By Jeb Blount and Rodrigo Viga Gaier
RIO DE JANEIRO, May 23 (Reuters) - Interim President Michel
Temer has given one of the biggest jobs of his administration to
the youngest and least known of his cabinet members: Mines and
Energy Minister Fernando Coelho Filho, 32.
Trouble in the oil, electricity and mining industries is
responsible for nearly a third of last year's 3.8 percent
economic decline, deepening Brazil's worst recession since the
1930s.
Sliding crude prices and a corruption scandal have rocked
state-run oil company Petrobras PETR4.SA , which may need
government help to deal with its $130 billion of debt, the
largest in the world oil industry. The scandal has also hit
state-run utility Electrobras ELET6.SA , which this month had
its shares delisted on the New York Stock Exchange and also may
need a bailout.
Coelho, the baby-faced son of a powerful political family,
was handed one of the government's biggest portfolios on May 12.

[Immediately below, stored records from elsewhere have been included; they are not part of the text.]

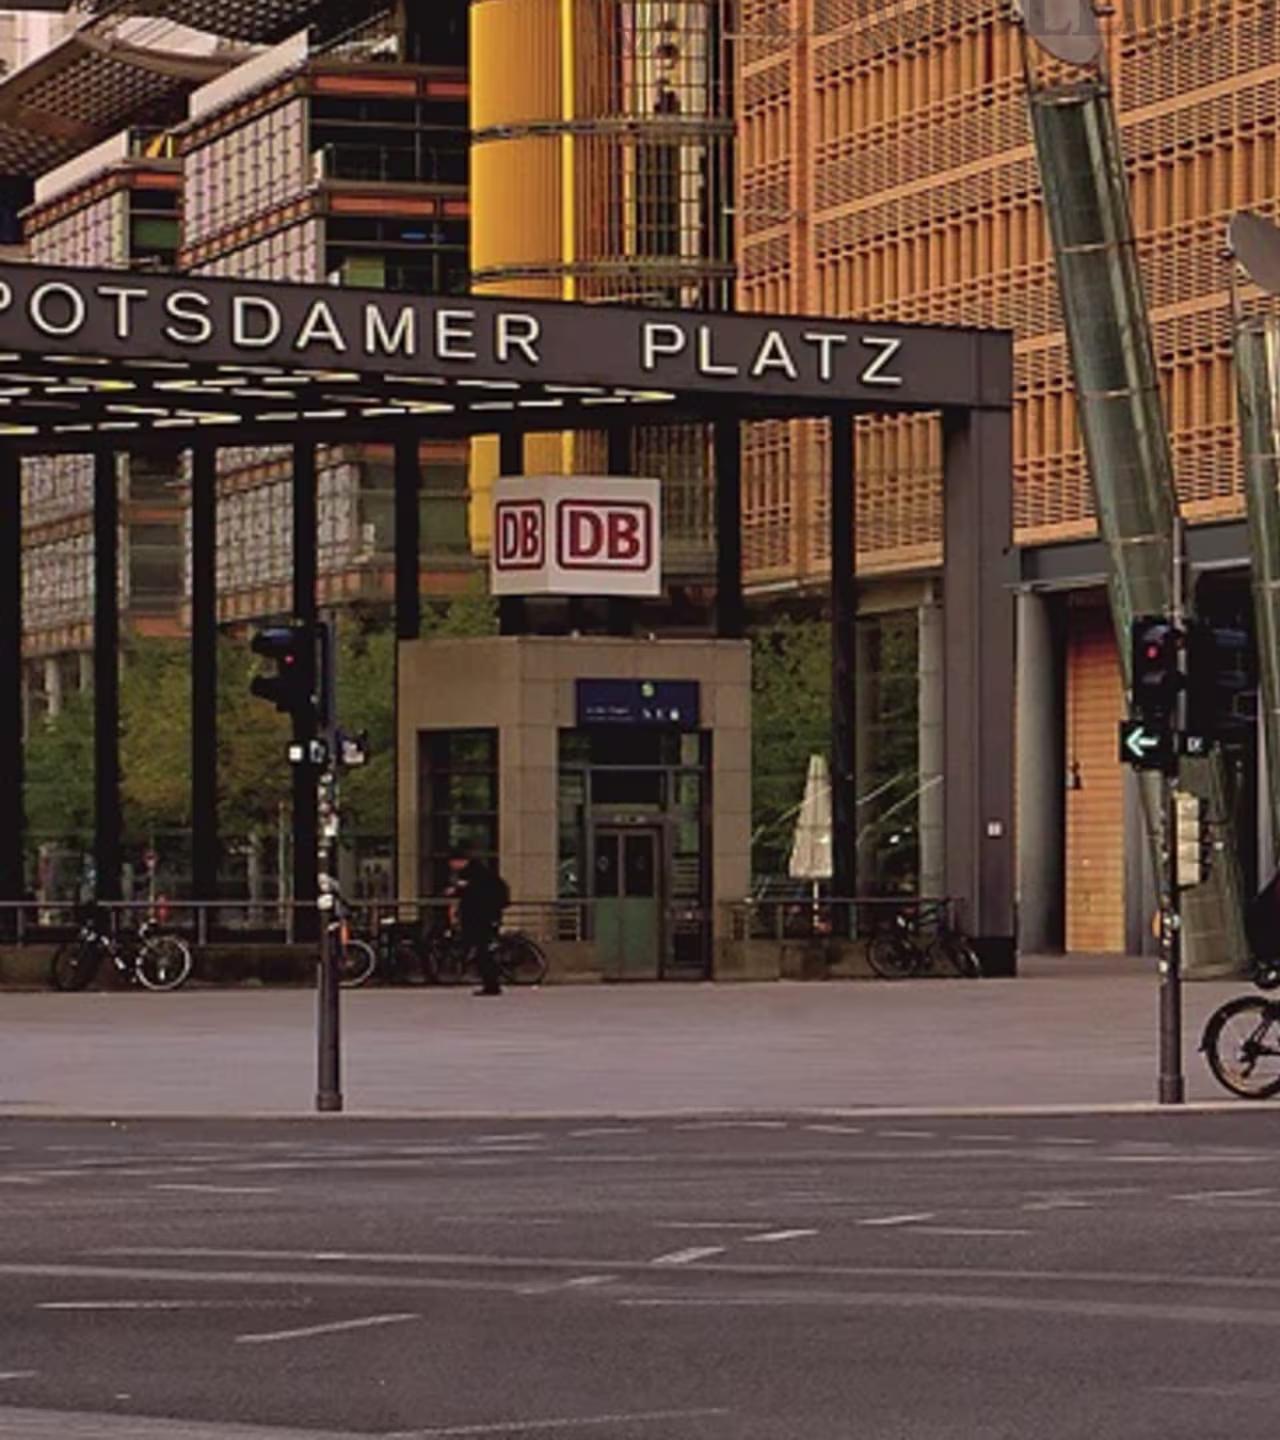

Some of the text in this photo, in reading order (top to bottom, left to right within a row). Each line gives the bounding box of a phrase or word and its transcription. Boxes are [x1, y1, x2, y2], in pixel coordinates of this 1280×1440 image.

[0, 281, 904, 385] OTSDAMER PLATZ
[502, 511, 539, 559] DB
[569, 510, 640, 560] DB
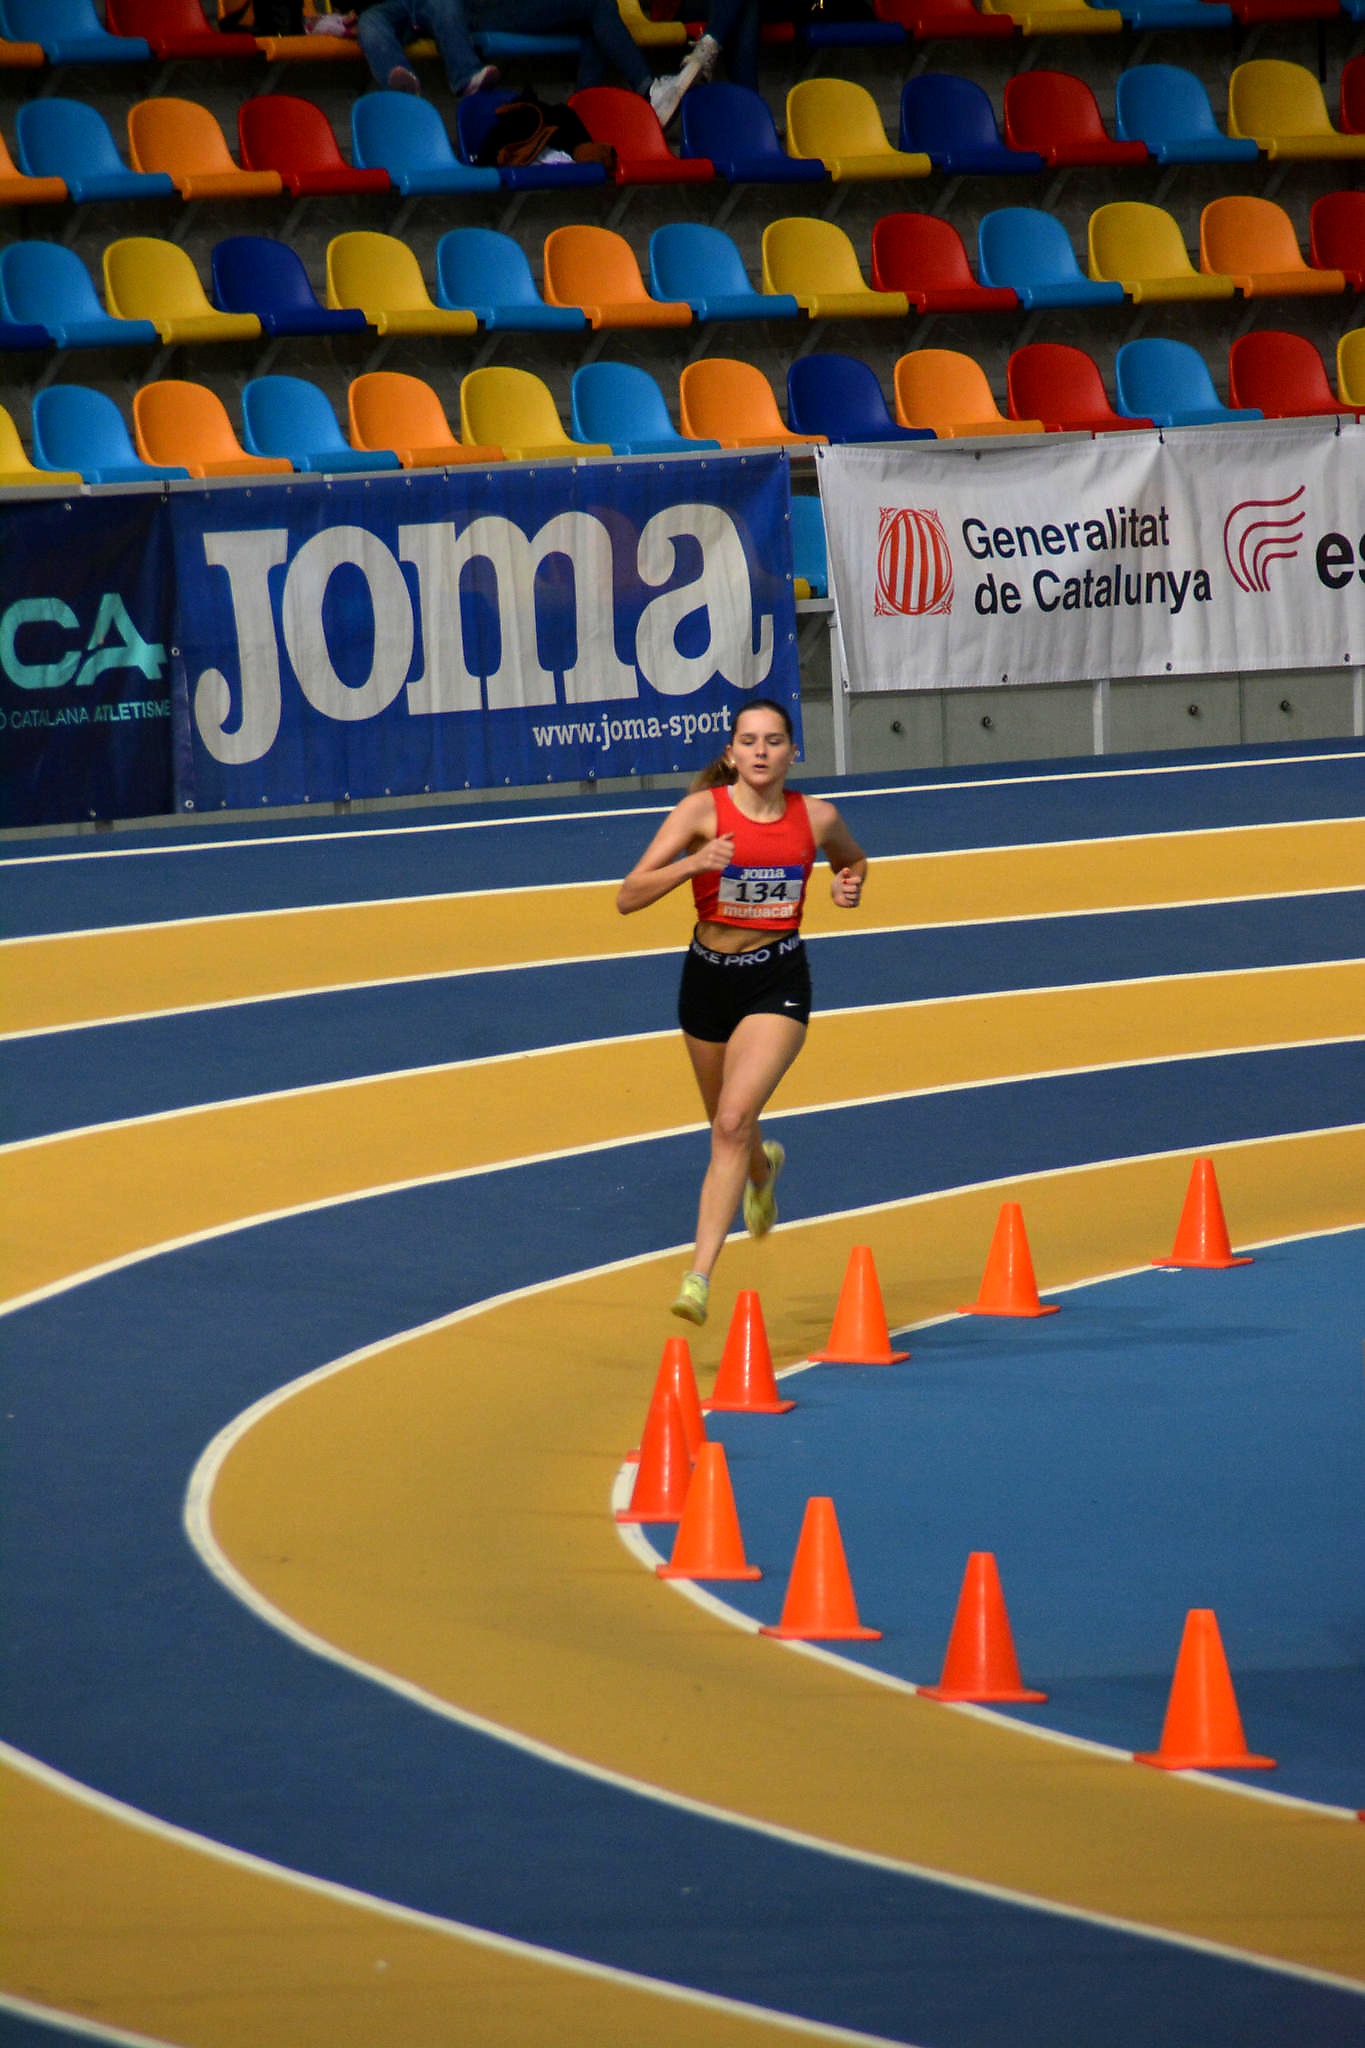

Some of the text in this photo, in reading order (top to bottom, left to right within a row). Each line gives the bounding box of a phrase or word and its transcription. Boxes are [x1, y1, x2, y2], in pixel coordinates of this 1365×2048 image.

[961, 505, 1170, 560] Generalitat
[974, 564, 1213, 616] de Catalunya
[10, 706, 89, 729] CATALANA
[94, 700, 171, 722] ATLETISME
[735, 882, 787, 903] 134
[724, 949, 770, 966] PRO

Hoping to pay the debt without huge bailouts, the Temer
government wants him to speed the sale of Petrobras and
Eletrobras assets and open the oil sector to more foreign
investment. urn:newsml:reuters.com:*:nL2N1731BF
These moves will likely offend the deep nationalist feelings
of many Brazilians, including suspended President Dilma
Rousseff, who is still respected by many for expanding social
programs that lifted millions from poverty.
Leftist and union groups are fighting her impeachment and
impending Senate Trial. Believing the state must direct all
energy development, they have also promised to fight Temer's
more free-market oil, electricity and economic policies.

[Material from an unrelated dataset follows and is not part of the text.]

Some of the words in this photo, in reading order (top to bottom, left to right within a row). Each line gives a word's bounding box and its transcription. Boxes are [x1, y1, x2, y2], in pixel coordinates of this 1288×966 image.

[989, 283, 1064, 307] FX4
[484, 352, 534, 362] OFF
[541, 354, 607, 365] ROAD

urn:newsml:reuters.com:*:nL2N1850JX
"The previous government ... killed the goose that lays the
golden eggs," said Edmilson dos Santos, an energy policy
professor at the University of Sao Paulo. "Rousseff was warned
her policies would end in disaster, but she refused to listen."
Ceolho's experience in the energy sector is slim, beyond
bills to cut taxes on hybrid and electric cars and to support
farmers making ethanol from manioc, a staple root vegetable.

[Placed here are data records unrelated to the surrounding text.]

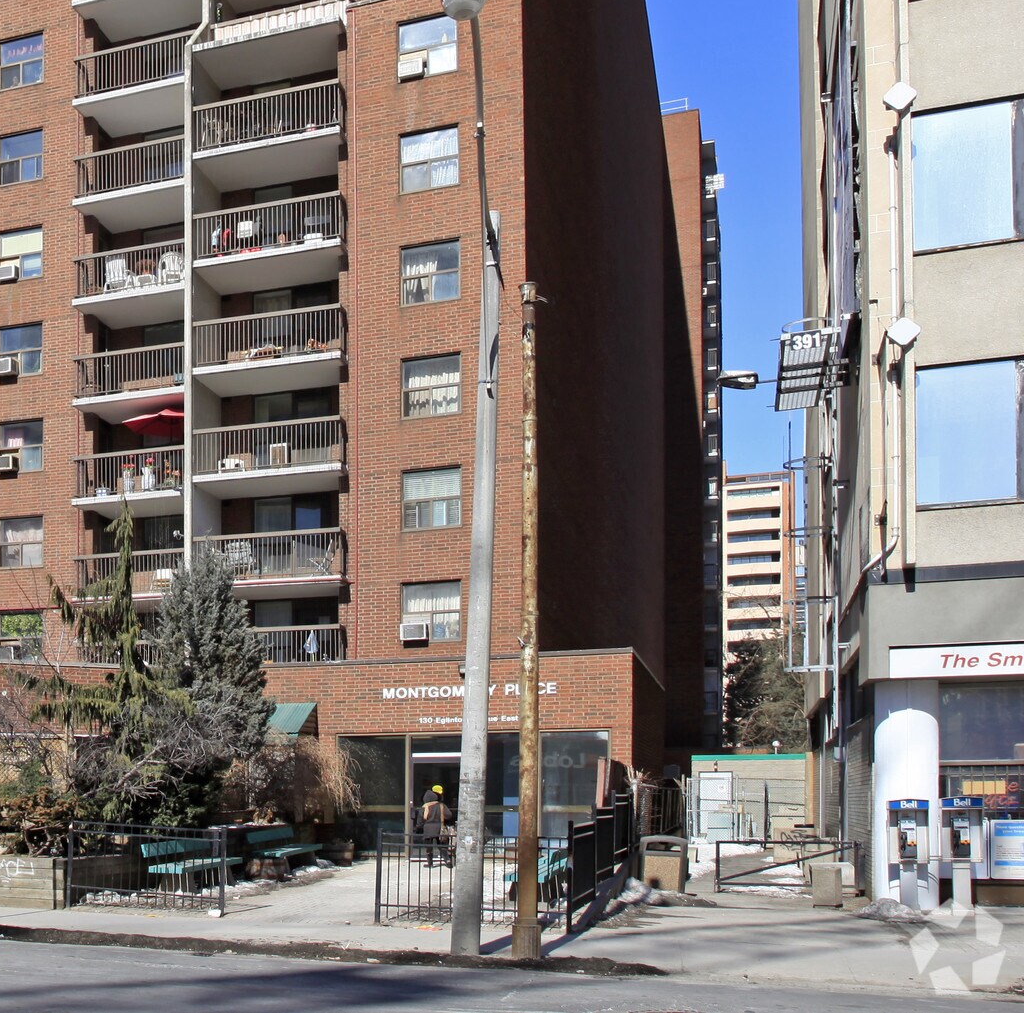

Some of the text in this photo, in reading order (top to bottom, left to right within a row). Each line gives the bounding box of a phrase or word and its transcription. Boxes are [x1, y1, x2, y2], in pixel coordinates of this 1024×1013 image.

[792, 333, 821, 350] 391
[940, 652, 1024, 669] The Sm
[382, 682, 557, 699] MONTGOMY PLCE
[436, 716, 463, 725] Eglinto
[900, 800, 917, 809] Bell
[953, 798, 971, 807] Bell

He does, though, have 10 years under his belt in Brazil's
rough and tumble Congress. When elected at 22, he was then the
youngest person ever seated in the lower house.
"He has more political than technical experience," said
Helder Queiroz, former head of Brazil's petroleum regulator ANP.
"But the ministry requires more technical knowledge. The
companies he'll be dealing with demand much of a minister in a
strategic job."
Coelho did not return calls seeking an interview for this
story.
EXPERIENCED ASSISTANTS
Ready or not, Coelho is now in charge of promoting,
regulating and in some cases running a huge portion of Brazil's
economy.
The oil industry alone is responsible for 13 percent of
gross domestic product. Add mining and electricity and that
rises to nearly 20 percent. The electricity industry is bigger
than Britain's and Italy's combined, and Petrobras operates more
ships than the U.S. Navy.
"His success will depend on who is picked for the
second-level jobs," José Marcio Camargo, an economics professor
at Rio de Janeiro's Pontifical Catholic University and an
advisor to Temer's Brazilian Democratic Movement Party.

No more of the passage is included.